David B. King of Peed & King, P. A., Orlando, for appellees/cross-appellants.

COBB, Judge.

American Motors Corporation (AMC), defendant below, appeals from judgments in favor of plaintiffs Ellis and St. John, entered pursuant to jury verdicts. Ellis and St. John have cross-appealed from a directed verdict in favor of AMC on the issue of punitive damages and on various evidentiary rulings made during trial.

On December 10, 1976, Ellis was driving his father's 1974 AMC Ambassador east in the righthand lane of Interstate Highway 4 in Orange County with St. John as a passenger in the front seat. As they came over a hill, Ellis noticed traffic congestion ahead where an entrance ramp merged into the right lane of I-4. Since he planned to exit shortly, Ellis stopped his vehicle in the righthand lane rather than attempting to pass the congestion. At about this time, Gerald Rausch was driving his vehicle on the entrance ramp to I-4. When he saw the traffic congestion, Rausch attempted to by-pass it, cutting directly onto I-4 behind the Ambassador. As he moved a few feet onto I-4, he saw a tractor-trailer coming over the hill toward him. Rausch then veered back into the entrance lane, which at that point ran parallel to the right lane of I-4.

John McGuirt, the driver of the tractor-trailer, which was loaded and weighed about 74,000 pounds, was travelling in the right lane of I-4. As he started down the hill at an estimated speed of 45 to 50 miles per hour, he noticed the traffic congestion ahead and saw Rausch's vehicle heading into the right lane. McGuirt tried to move into the left lane but could not as another vehicle was there. When McGuirt looked back to the road in front of him, he saw that he had passed Rausch's car, but that the Ambassador was directly ahead "sitting in the road." McGuirt applied his brakes and turned sharply to the left. As he was turning, the right front portion of the tractor collided with the left rear of the Ambassador, crushing the rear four-and-one-half feet of the car and propelling it forward for more than one hundred feet. The tractor-trailer continued to veer off to the left, collided with the median barrier and rolled over on its side.

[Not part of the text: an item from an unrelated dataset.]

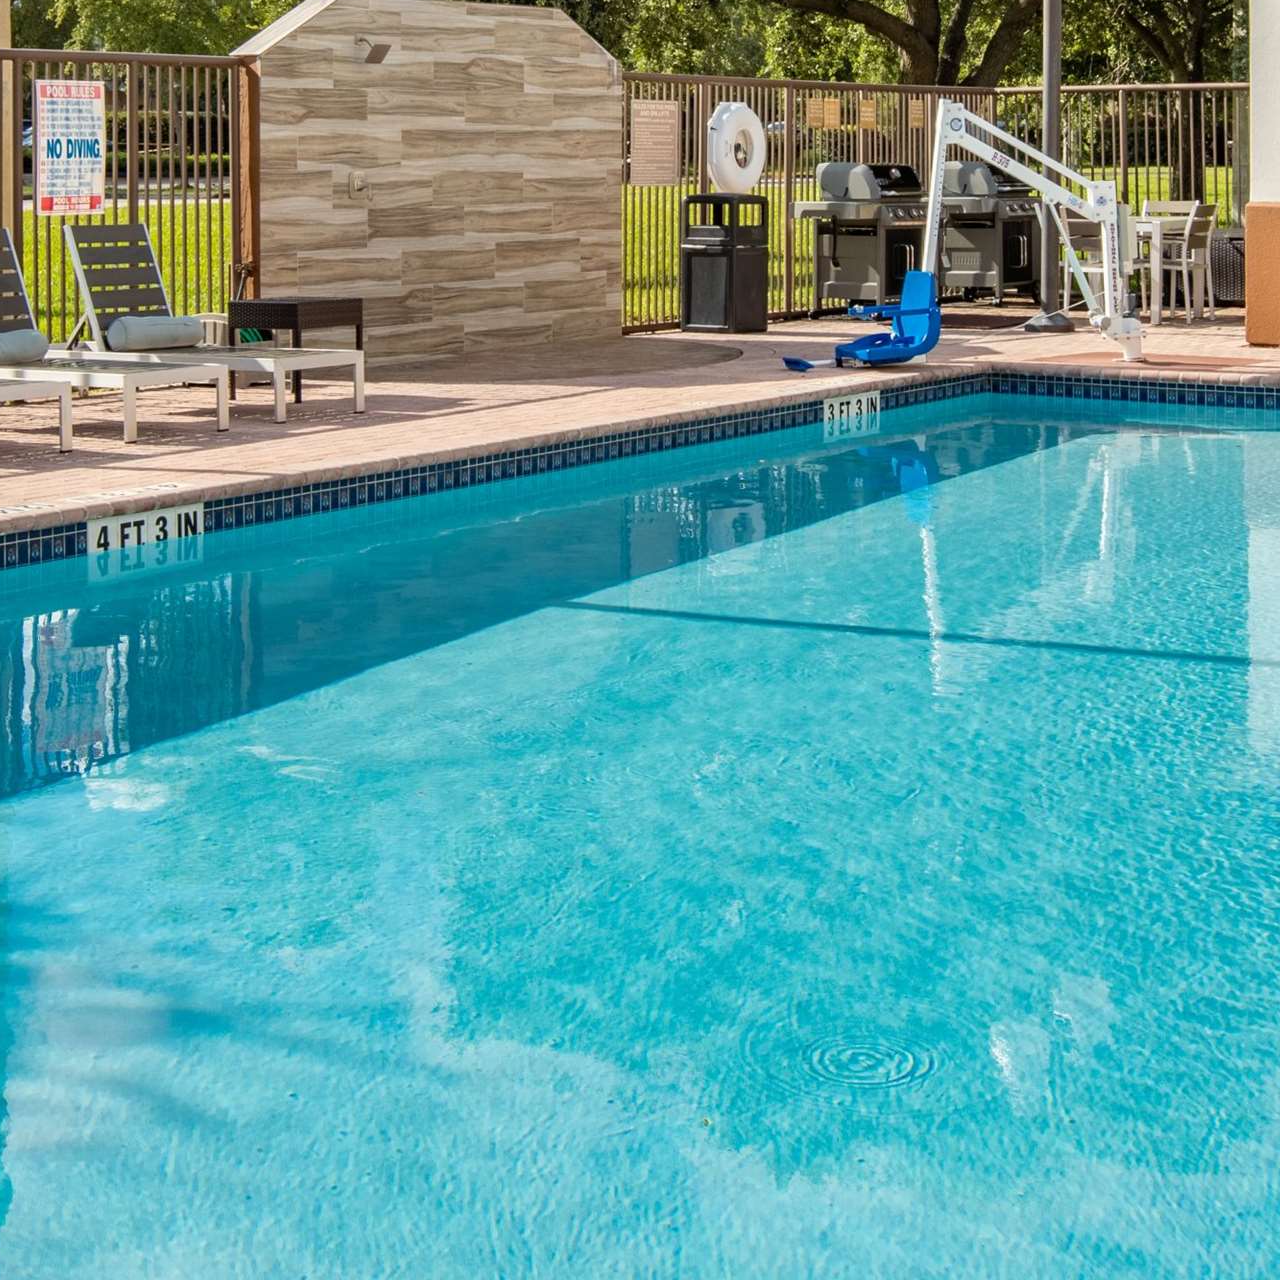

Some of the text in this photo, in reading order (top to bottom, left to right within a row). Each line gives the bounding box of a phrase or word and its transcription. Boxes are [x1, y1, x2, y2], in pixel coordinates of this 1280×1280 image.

The tractor was fueled by two one-hundred-gallon diesel saddle tanks connected by a fuel line running from one to the other. Each tank was about half full. At some point during the accident, the right tank separated from the tractor-trailer, allowing diesel fuel to escape. After the Ambassador came to rest, a fire started, consuming the vehicle and causing severe burns to Ellis and St. John. The exact point at which the tank separated and whether the fire was caused by the diesel fuel or the gasoline from the ruptured fuel lines of the Ambassador were points in dispute at trial.

Ellis and St. John filed suits against McGuirt and his insurer, and Rausch, his employer and his insurer. Claims against these defendants were later settled. An amended complaint then was filed naming AMC as a defendant. The claims against AMC were based on negligence and strict liability stemming from an allegedly defective design of the Ambassador's gasoline tank and filler system. The asserted defect was that the gasoline tank and filler system were located beneath the trunk floor at the rear of the car, rather than in an upright position in the "kick-up area," which is the space above the rear axle and beneath the package shelf just behind the rear seat. A claim for breach of warranty was voluntarily dismissed at the outset of trial, and a directed verdict was entered in favor of AMC on the plaintiffs' claim for punitive damages.

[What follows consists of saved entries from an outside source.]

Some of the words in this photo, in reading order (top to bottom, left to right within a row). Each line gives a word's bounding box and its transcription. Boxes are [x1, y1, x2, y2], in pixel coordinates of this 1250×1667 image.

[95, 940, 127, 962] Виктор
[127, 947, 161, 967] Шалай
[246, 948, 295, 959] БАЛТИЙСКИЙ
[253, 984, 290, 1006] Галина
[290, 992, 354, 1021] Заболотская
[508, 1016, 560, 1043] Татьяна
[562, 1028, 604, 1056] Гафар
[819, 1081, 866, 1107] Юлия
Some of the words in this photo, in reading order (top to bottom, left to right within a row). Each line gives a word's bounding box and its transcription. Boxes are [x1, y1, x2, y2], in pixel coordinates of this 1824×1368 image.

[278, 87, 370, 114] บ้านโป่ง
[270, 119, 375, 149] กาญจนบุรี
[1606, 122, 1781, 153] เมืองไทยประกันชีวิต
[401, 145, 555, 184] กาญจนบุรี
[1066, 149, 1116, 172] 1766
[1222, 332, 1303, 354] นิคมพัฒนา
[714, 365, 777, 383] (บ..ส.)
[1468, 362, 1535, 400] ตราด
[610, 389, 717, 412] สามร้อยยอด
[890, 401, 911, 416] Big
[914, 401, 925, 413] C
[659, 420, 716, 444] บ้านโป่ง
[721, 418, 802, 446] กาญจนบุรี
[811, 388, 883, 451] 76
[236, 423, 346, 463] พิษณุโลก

AMC relied on several theories of defense. It contended the kick-up area was not a preferable location for a gas tank, that AMC's fuel system did not leak as a result of the impact, and that the fire was started as the result of spillage of diesel fuel from the tractor-trailer onto the car, which had caused the gasoline still contained within the tank to ignite. AMC also contended that if there were gasoline leakage, it was the result of a tremendous impact which no reasonably designed fuel system could be expected to withstand.

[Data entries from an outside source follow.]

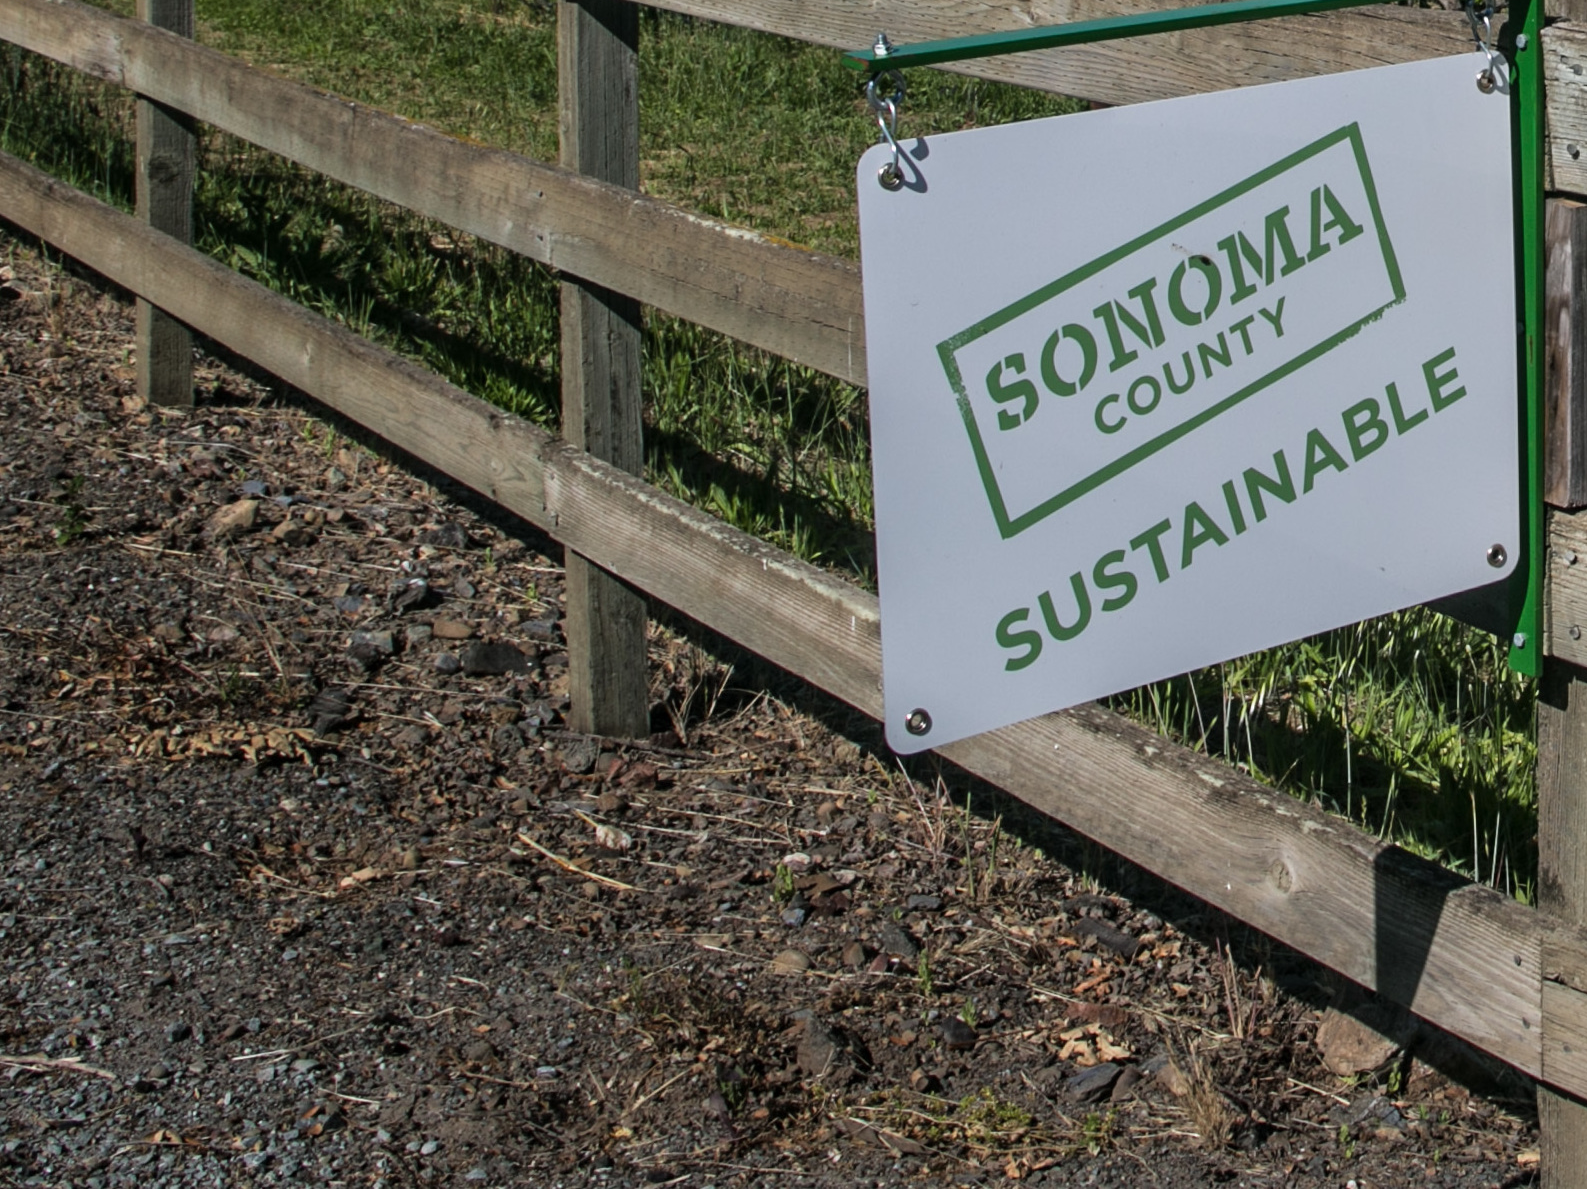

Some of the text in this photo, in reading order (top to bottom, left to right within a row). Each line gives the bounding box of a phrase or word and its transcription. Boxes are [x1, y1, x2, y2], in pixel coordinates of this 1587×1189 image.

[986, 183, 1364, 431] SONOMA
[1094, 296, 1286, 434] COUNTY
[995, 346, 1467, 672] SUSTAINABLE
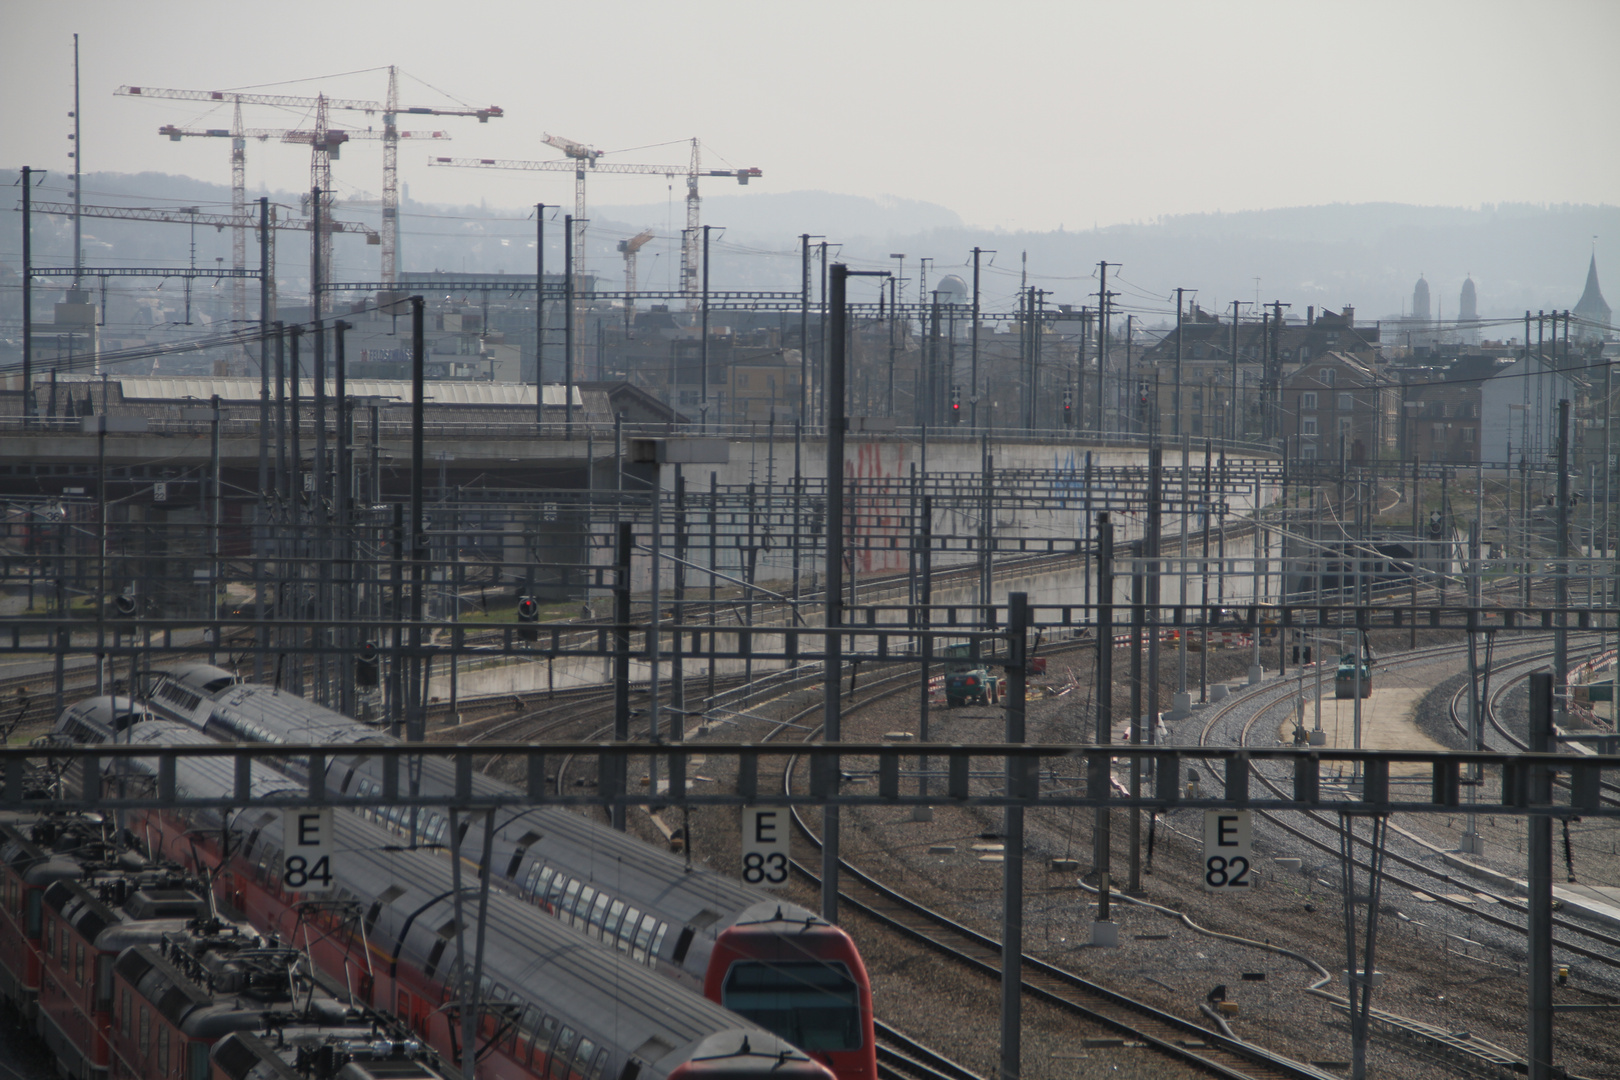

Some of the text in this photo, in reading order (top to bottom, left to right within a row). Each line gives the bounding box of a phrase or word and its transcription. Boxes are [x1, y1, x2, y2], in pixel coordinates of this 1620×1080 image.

[298, 814, 320, 846] E
[756, 812, 777, 843] E
[1218, 815, 1239, 847] E
[284, 854, 333, 888] 84
[742, 851, 788, 884] 83
[1206, 855, 1250, 888] 82

The first issue appellant raises is whether the trial court's error 1 in refusing to compel disclosure to adverse counsel of a witness statement used by counsel for plaintiffs for cross-examination impeachment constitutes reversible error. We believe that it does under the instant facts. Linda Bates, an eye-witness to the accident, had been listed by the plaintiffs as a potential witness. However, at trial, she was called by AMC and testified that she saw flames on the left side of the crushed vehicle. This testimony lent support to AMC's assertion that the fire was due to spilled diesel fuel from the tractor-trailer. On cross-examination, plaintiffs' counsel attempted to impeach her with a pre-trial statement made to an investigator in the office of plaintiffs' counsel. This statement, which apparently was to the effect that the flames were on the right side of the vehicle, had been protected from discovery by court order under the "work product" doctrine. Counsel for AMC asked to examine the statement; this request was denied by the trial court.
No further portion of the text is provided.